Ninety-seven deportees (mostly Pakistanis) were also expelled via land route, according to Greek police. Given the Turkish Parliament's position on the status of Pakistani migrants, our government must be prepared to receive and repatriate a new wave of migrants returning to their (apparent) home country.

This issue has been brewing for years and has been on the policy radar of EU officials who have quietly intimated the Pakistani government of the possibility of impending deportations from their territory. Last December, our government returned over 30 out of 50 deportees who arrived in Pakistan due to lack of proper documentation, the interior ministry claiming that the EU is dumping non-Pakistani deportees on our soil. The EU's migration commissioner, Dimitris Avramopoulos, visited to resolve the issue. Yet the crisis has worsened.

The issue of Pakistani migrants in Greece, mostly without papers according to Greek authorities, has been in the spotlight since the Greek financial crisis. Greece has attracted Pakistan migrants since the 1970s; in one study by the Hellenic Foundation for European and Foreign Policy, Pakistani migrants number 40,000-50,000, although of ficial figures put the number at 15,478. The estimated 40,000-50,000 include migrants without residency documents.

Irrespective of their status, the Pakistani migrant community constitutes the largest Asian community in Greece; they have suffered the worst racist abuse and attacks in recent years, as documented in reports by various human rights groups.

The atmosphere of hostility has resulted in a huge spike in administrative expulsions by the Greek government, which peaked at 5,135 in 2012, according to Greek police.This is a huge jump from 2011, where the figure stood at 1,293 administrative expulsions.

Another category of voluntary returns includes another 6,445 migrants, according to combined figures of the International Organisation of Migration and the Greek police. Again, this represents a massive spike from 715 in 2011. Worryingly, before the deportation itself, most of these Pakistani migrants are detained in detention centres in degrading conditions. In some of these, the migrants have taken to hunger strikes to protest their conditions.

Yet this huge number of forced and voluntary repatriation has barely raised any policy ripples in Pakistan. With the new draconian EU-Turkey deal being hastily put into effect with little regard for human rights safeguards, the number of Pakistani deportees is set to rise exponentially especially given Pakistan's agreement with Turkey to take back all the deportees and repatriate them. Yet this is not the only stream of deportees coming Pakistan's way; the EU, too, is oiling up its deportation machinery.

Given growing hostility to newly arriving migrants in Europe, EU immigration policies are stiffening.
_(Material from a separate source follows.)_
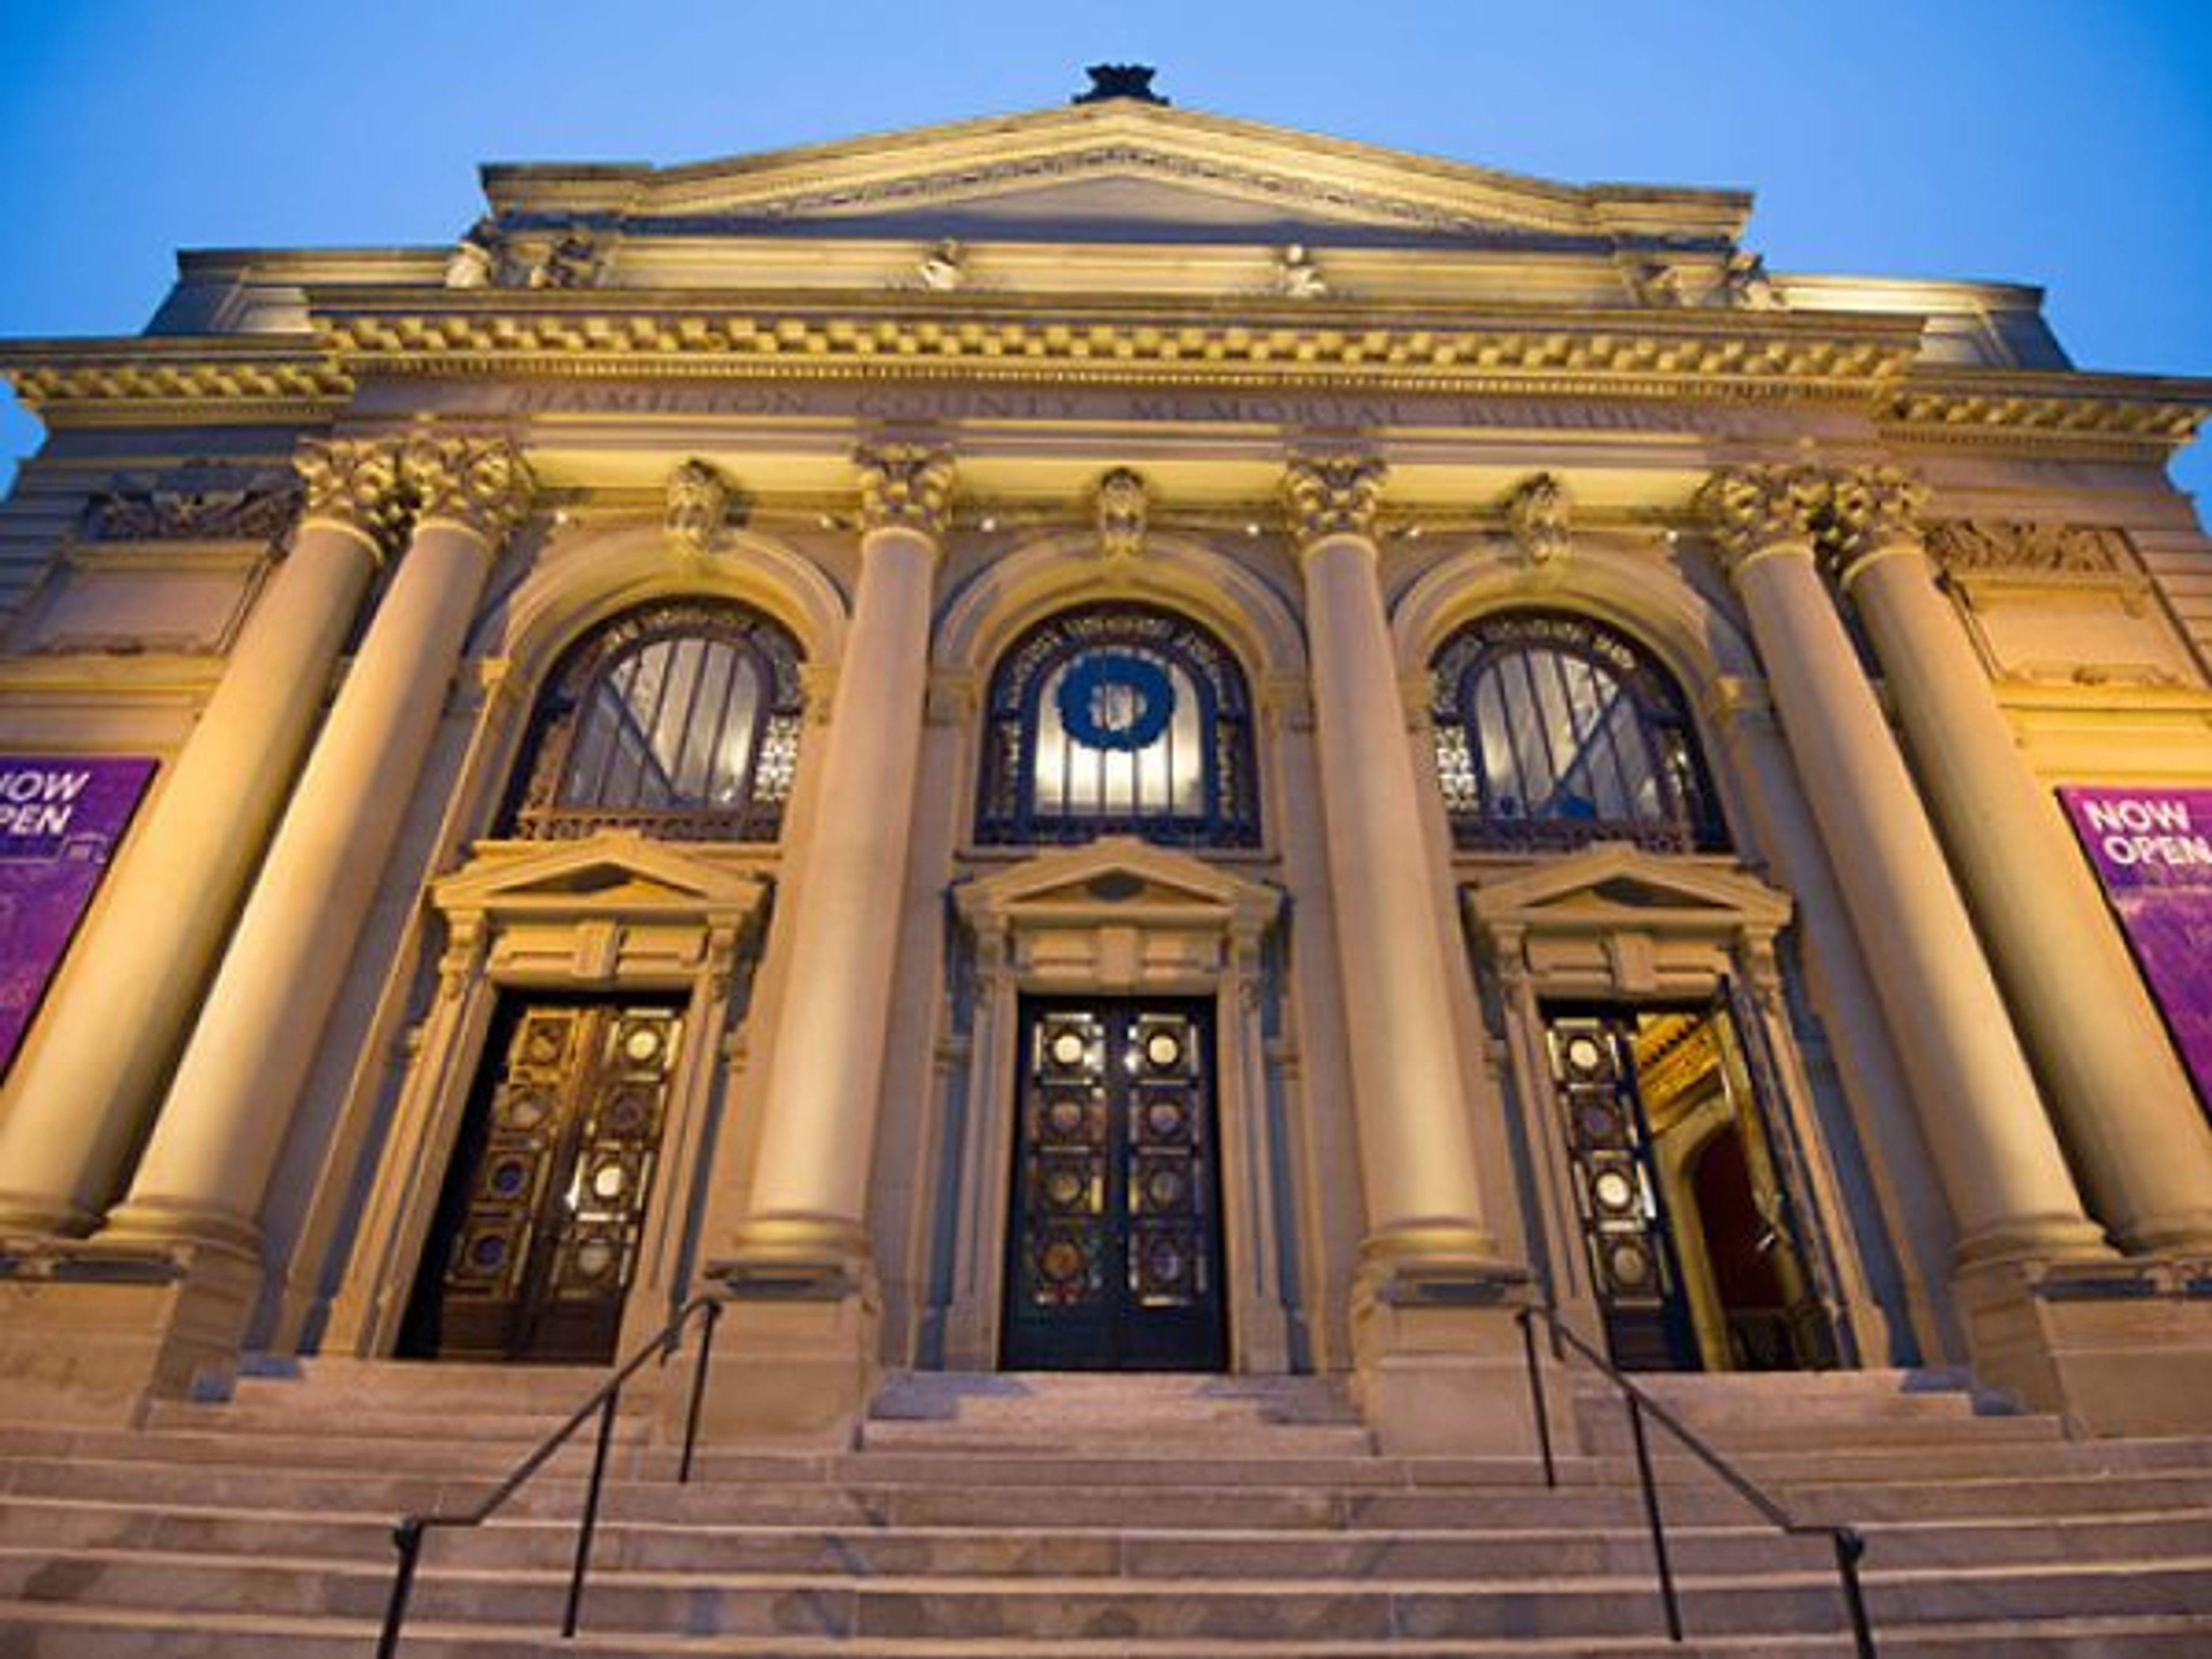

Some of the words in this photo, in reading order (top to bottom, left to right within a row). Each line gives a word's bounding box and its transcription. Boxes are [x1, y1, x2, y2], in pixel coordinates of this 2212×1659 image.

[856, 392, 1082, 418] COUNTY
[1129, 396, 1411, 426] MEMORIAL
[2082, 798, 2190, 831] NOW
One of the policy responses to the migrant issue involves voluntary or forced repatriation of failed applicants, to ease domestic opposition to growing migrant populations.

That means the rate of asylum refusal is set to grow across the EU, resulting in a greater drive towards deportation and repatriation. With an acceptance rate of 10-50pc for Pakistani applicants, the refused applicants will be put on a fast-track deportation schedule. This will swell the already growing concourse of Pakistan deportees, bringing with it its own set of rehabilitation challenges.

Yet it seems that the Pakistani government is not fully tuned into the scale of the crisis which is slowly brewing in foreign lands but heading for its borders. The response requires energetic planning to address a range of rehabilitation, policy and human rights challenges. Not much is forthcoming on this front. The sooner this multifaceted challenge is faced head-on, the better it is for the desperate and exhausted deportees.

(The writer is a development consultant and policy analyst.)